Maybe President Trump really does want the Fed to cut rates by a full one percentage point. First he tried to stack the Fed Board of Governors with his handpicked cronies. No luck.

Next he tried the good, old-fashioned bully pulpit — via the modern medium of Twitter — saying, “China is adding great stimulus to its economy while at the same time keeping interest rates low. Our Federal Reserve has incessantly lifted interest rates, even though inflation is very low, and instituted a very big dose of quantitative tightening. We have the potential to go up like a rocket if we did some lowering of rates, like one point, and some quantitative easing. Yes, we are doing very well at 3.2% GDP, but with our wonderfully low inflation, we could be setting major records &, at the same time, make our National Debt start to look small!”

Finally, he tasked the vice president with echoing the message. “I think it might be time for us to consider lowering interest rates,” Pence told CNBC on Friday. “We just don’t see any inflation in this economy at all.” (He also suggested moving the Fed away from its dual mandate of managing full employment and price stability in favor of a single, inflation mandate. I understand the appeal of the single mandate in theory, but it seems problematic to go that route at exactly the moment there is no consensus understanding of inflation dynamics.)

As The Wall Street Journal noted, yesterday the president tweeted that tariffs were “partially responsible for our great economic result and said he would ‘shortly’ impose tariffs of 25% on $325 billion worth of additional Chinese goods. ‘The Trade Deal with China continues, but too slowly, as they attempt to renegotiate. No!’”

That would mean raising the tariff from 10 percent to 25 percent on $200 billion of Chinese goods — a tax increase of $30 billion in the second quarter, or $120 billion at an annual rate. Yes, the top-line growth rate was 3.2 percent in the first quarter, but the underlying composition of growth was troubling.

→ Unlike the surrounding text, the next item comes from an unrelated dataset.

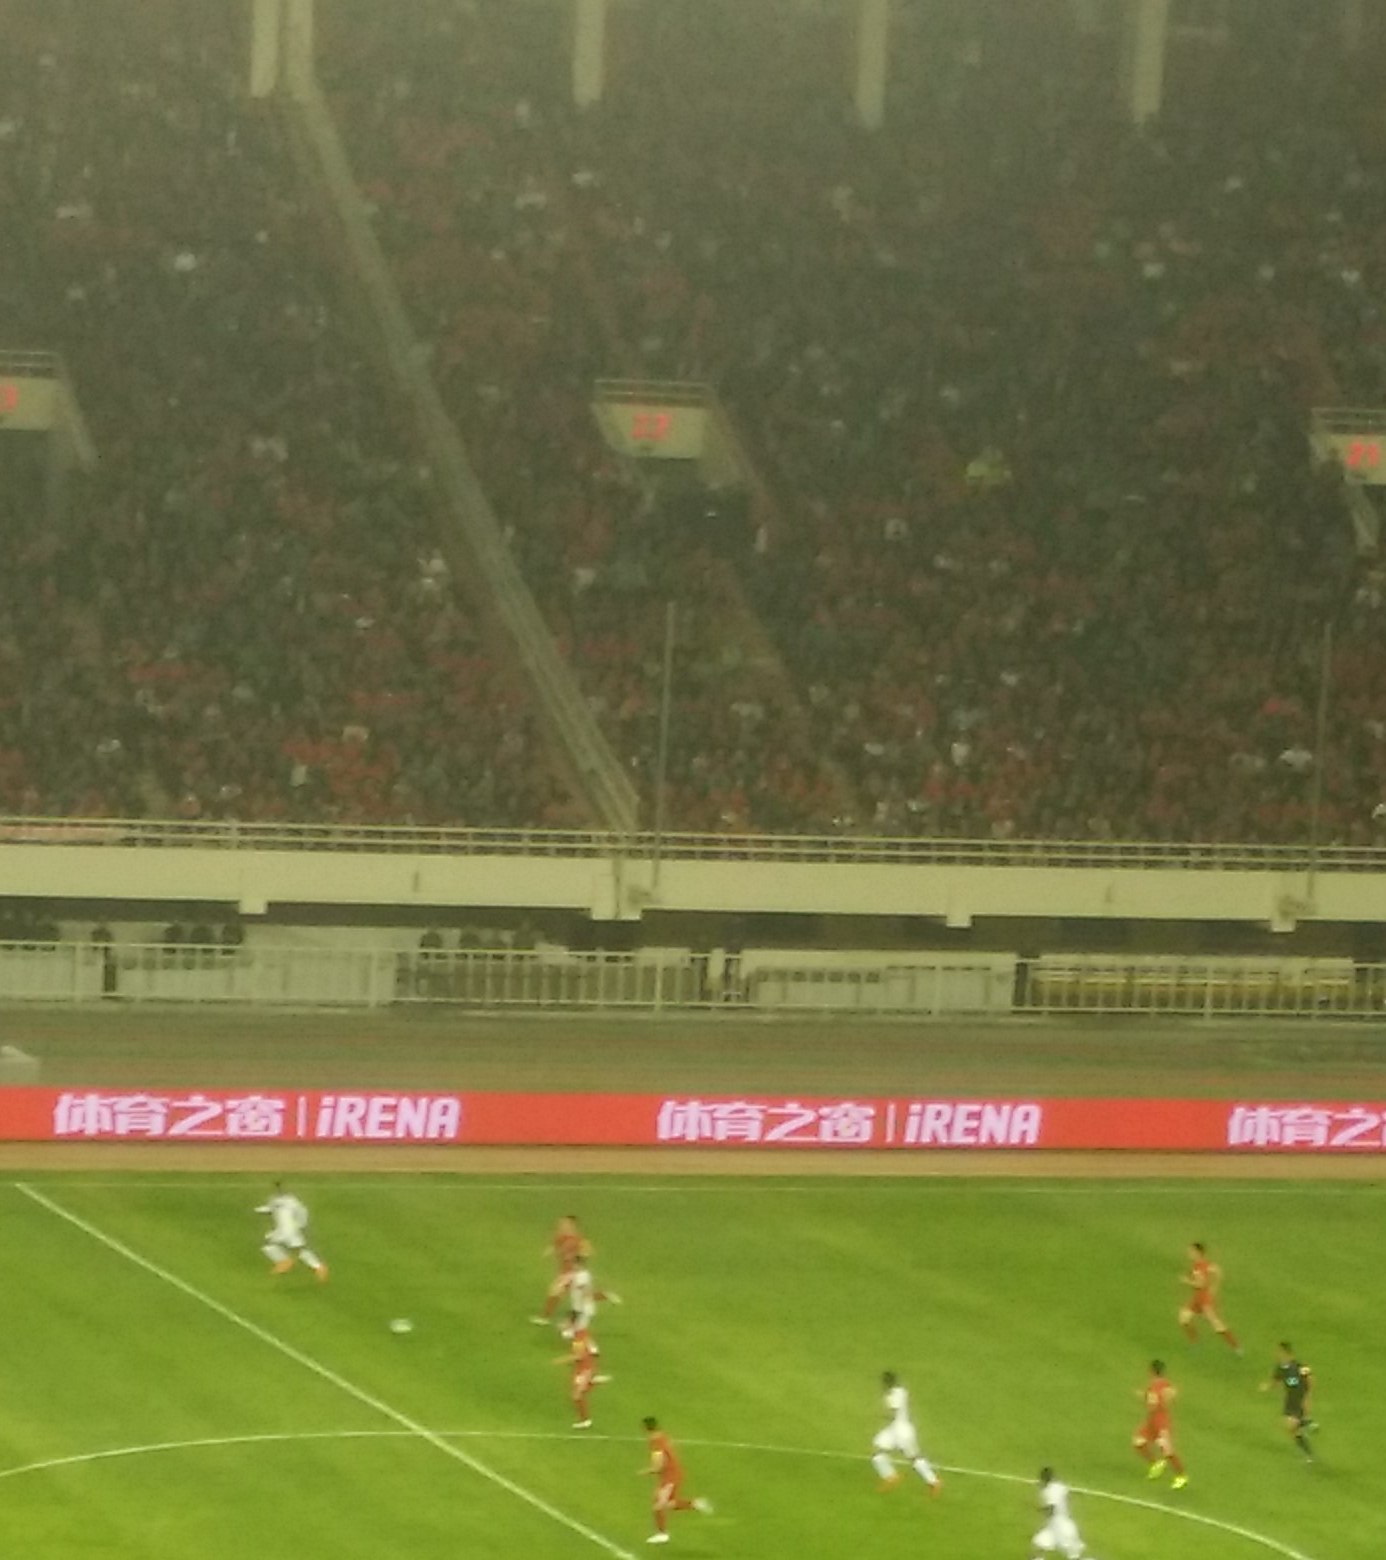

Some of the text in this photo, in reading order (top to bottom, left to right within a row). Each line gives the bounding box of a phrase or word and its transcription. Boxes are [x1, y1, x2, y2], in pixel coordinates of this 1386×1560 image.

[53, 1092, 286, 1138] 体育之窗
[656, 1099, 876, 1143] 体育之窗

Hitting a household sector that is growing at a rate of 1.2 percent with a huge tax increase is extremely wrongheaded. It raises the specter of the president trying the same disruptive strategy to pass USMCA (secede from NAFTA) or negotiate with Europe and Japan (auto tariffs). More troubling, it raises the possibility of an enormous self-inflicted wound for an economy that is finally delivering.

Of course, if the president does enough damage, the Fed will finally cut rates. Congratulations.


Fact of the Day

The April U-6 (the broadest measure of unemployment) held at 7.3 percent, reflecting continued strength in the labor market.